EXCESSO DE NARRAÇÃO PREJUDICA O BOM “O SILÊNCIO DO CÉU”.

Por Celso Sabadin. 

Frequentadores de festivais e de cinemas fora de shoppings já se acostumaram a ver e a aplaudir os curtas e longas realizados pelo coletivo paulista Filmes do Caixote. Formado pelos realizadores Caetano Gotardo, João Marcos, Sergio Silva, Marco Dutra e Juliana Rojas, o Filmes do Caixote trabalha intercambiando funções. Marco Dutra e Juliana Rojas, por exemplo, dividiram o roteiro e a direção de “Trabalhar Cansa”. Dutra também compôs as músicas de “O que se Move”, em parceira com Gotardo, o diretor do filme.
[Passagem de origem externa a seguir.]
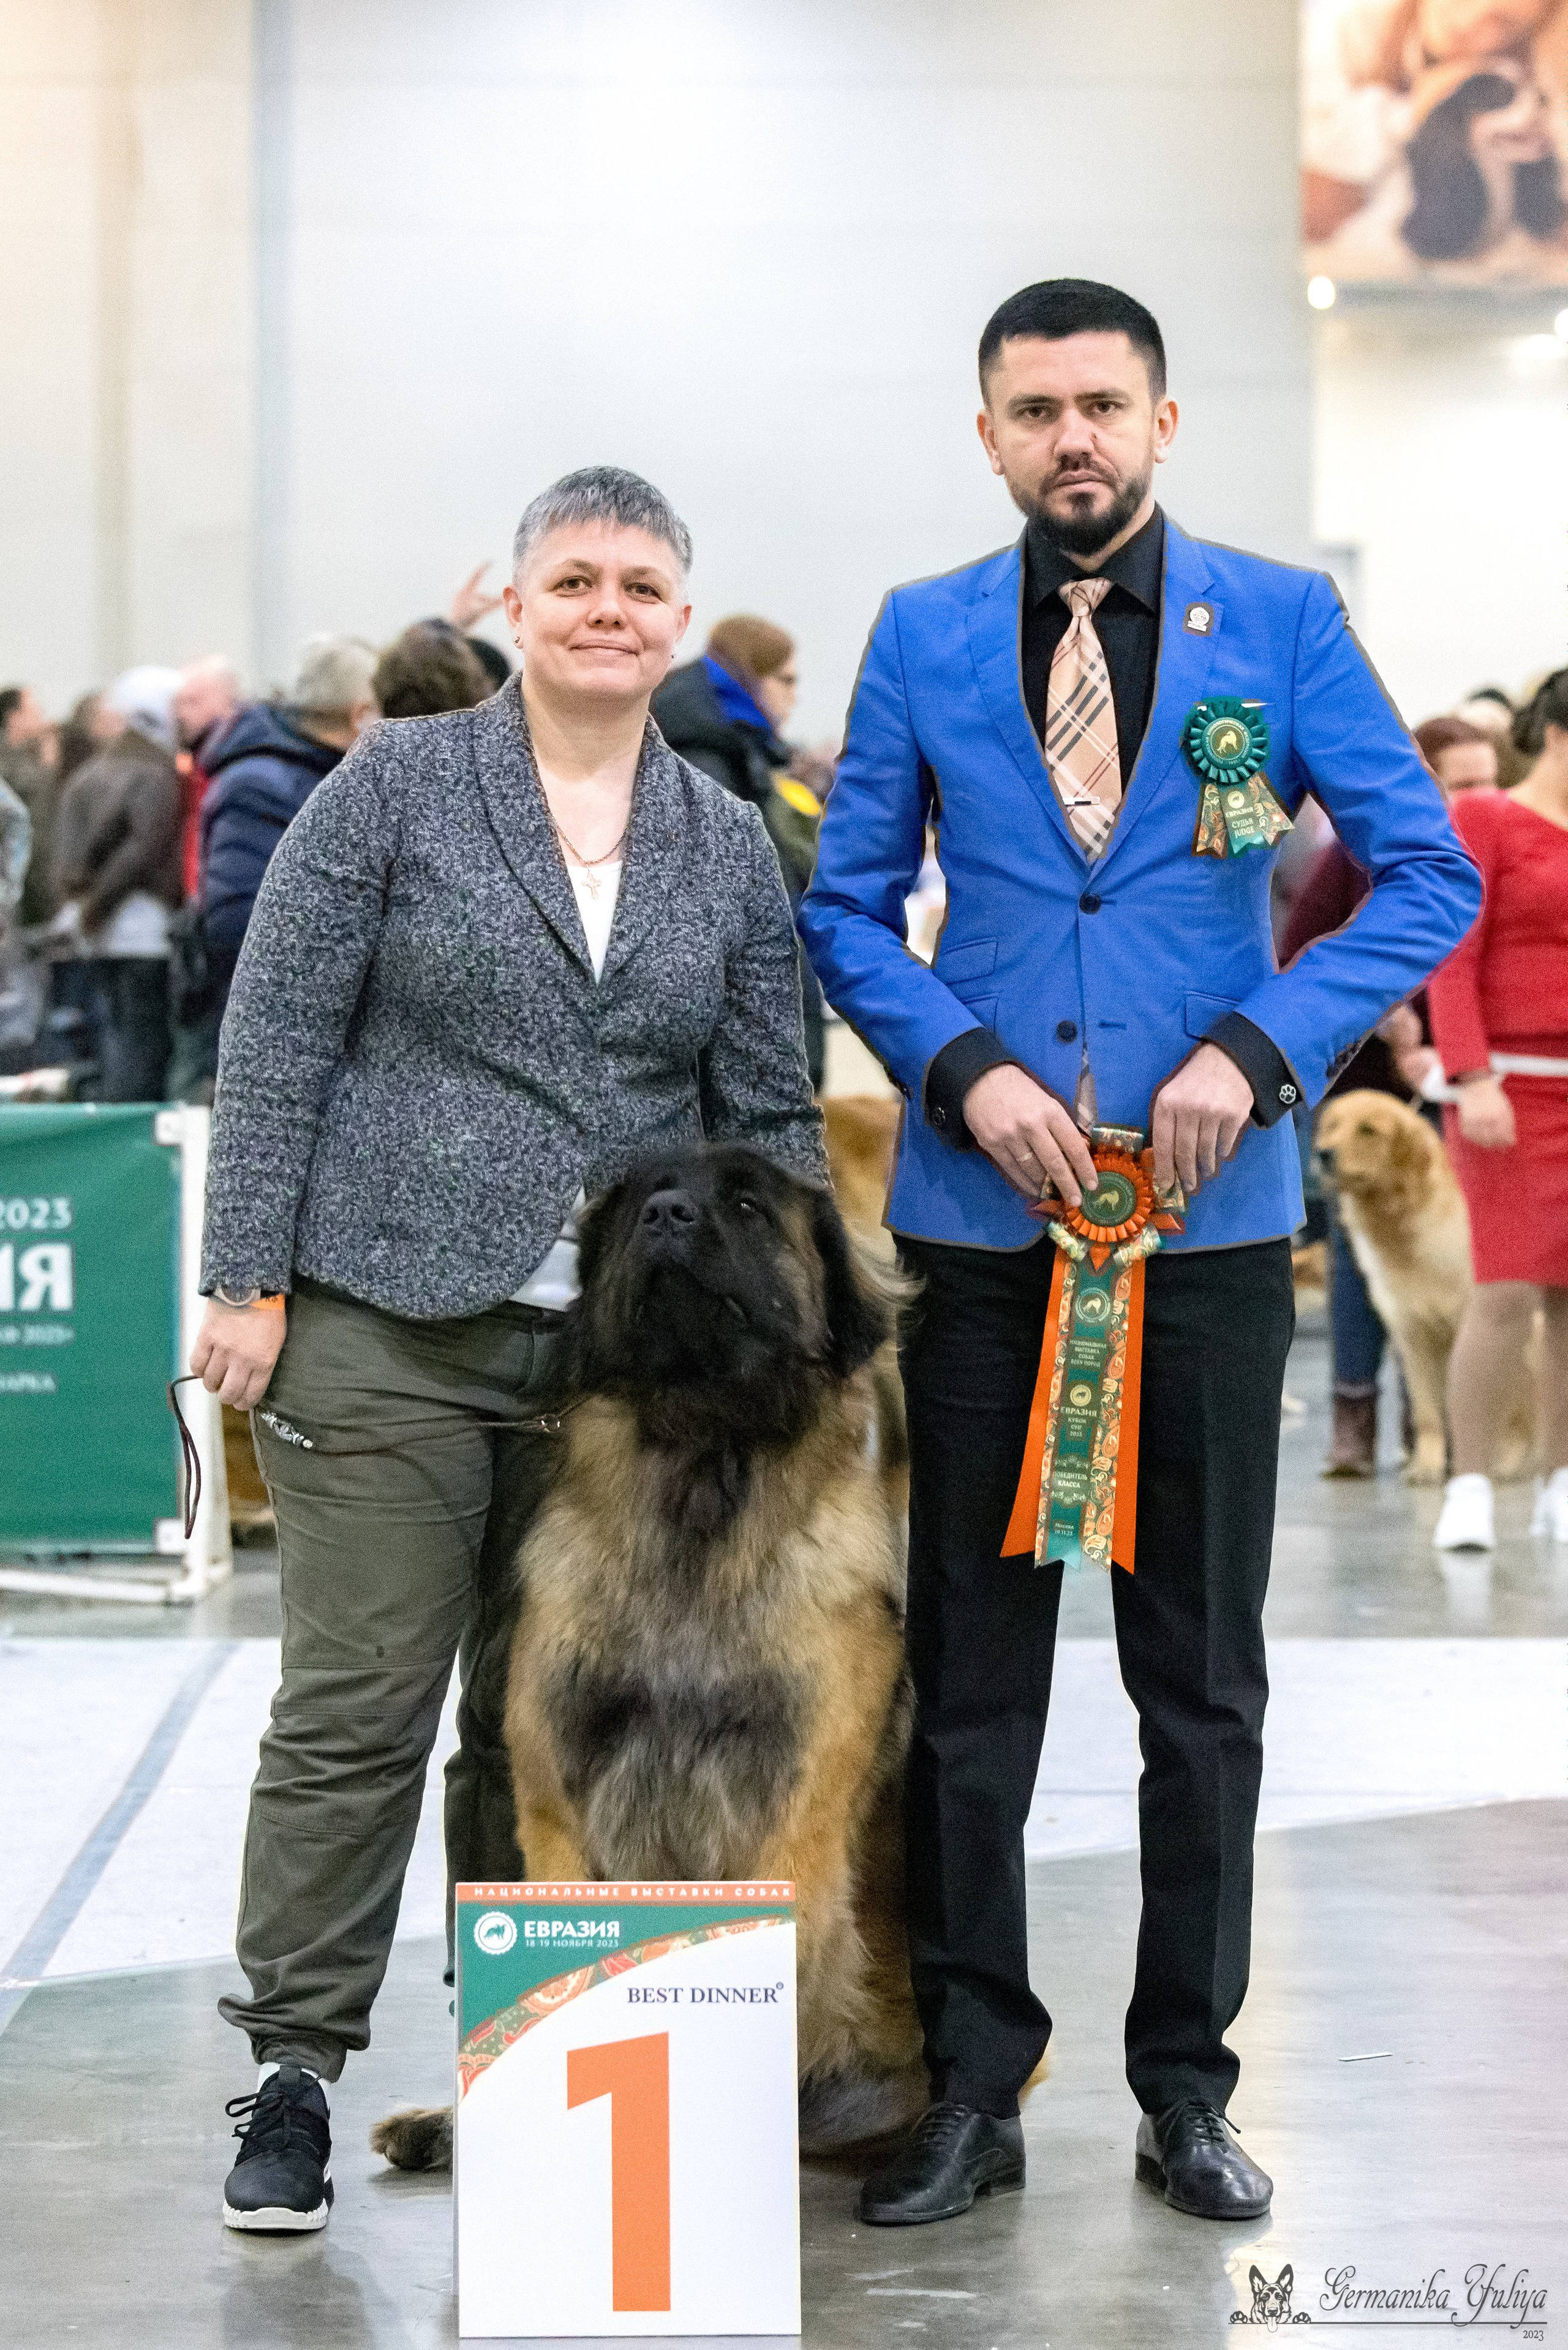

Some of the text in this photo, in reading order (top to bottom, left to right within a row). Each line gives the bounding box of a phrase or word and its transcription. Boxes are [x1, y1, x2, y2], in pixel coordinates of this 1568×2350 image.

Juliana, além de codirigir e corroteirizar “Trabalhar Cansa”, montou “O que Se Move”, de Gotardo, que por sua vez, montou “Trabalhar Cansa” E assim por diante, num trabalho que até o momento já rendeu mais de 40 produções.

Agora, no longa uruguaio-brasileiro “O Silêncio do Céu”, Gotardo e Dutra saem por um momento do caixote para integrar esta produção da festejada brasileira RT Features (a mesma produtora de “Frances Ha” e “O Gorila”). A partir do livro do argentino Sergio Bizzio (autor também de “XXY”),  Gotardo, Lucia Puenzo (que também roteirizou “XXY”) e o próprio Rizzo desenvolveram o roteiro que ficou sob a direção de Dutra.

“O Silêncio do Céu” começa intenso, sem preliminares, com cenas fortes de um estupro. Num primeiro momento, associando o estupro ao nome do filme, a primeira ideia que nos vem à cabeça é que veremos uma história sobre o medo da vítima em denunciar o crime. Mas logo se percebe que o longa é muito, muito mais que isso, muito mais que uma denúncia, e que vai muito além do ato de violência de seus primeiros minutos.

Aos poucos se desenha o drama familiar de Diana (Carolina Dieckmann), uma estilista brasileira casada com o roteirista uruguaio Mario (Leonardo Sbaraglia). Morando em Montevidéu com seus dois filhos, o casal tenta se reerguer de uma intensa crise conjugal. O relacionamento entre ambos é alicerçado sobre uma estranha simbiose que une as fobias de Mário à capacidade de Diana em identificá-las. São medos intensos e inconfessáveis que encontram ecos numa silenciosa cumplicidade doentia para formar a amálgama de um casal que caminha perigosamente na tênue fronteira que divide o amor e a violência.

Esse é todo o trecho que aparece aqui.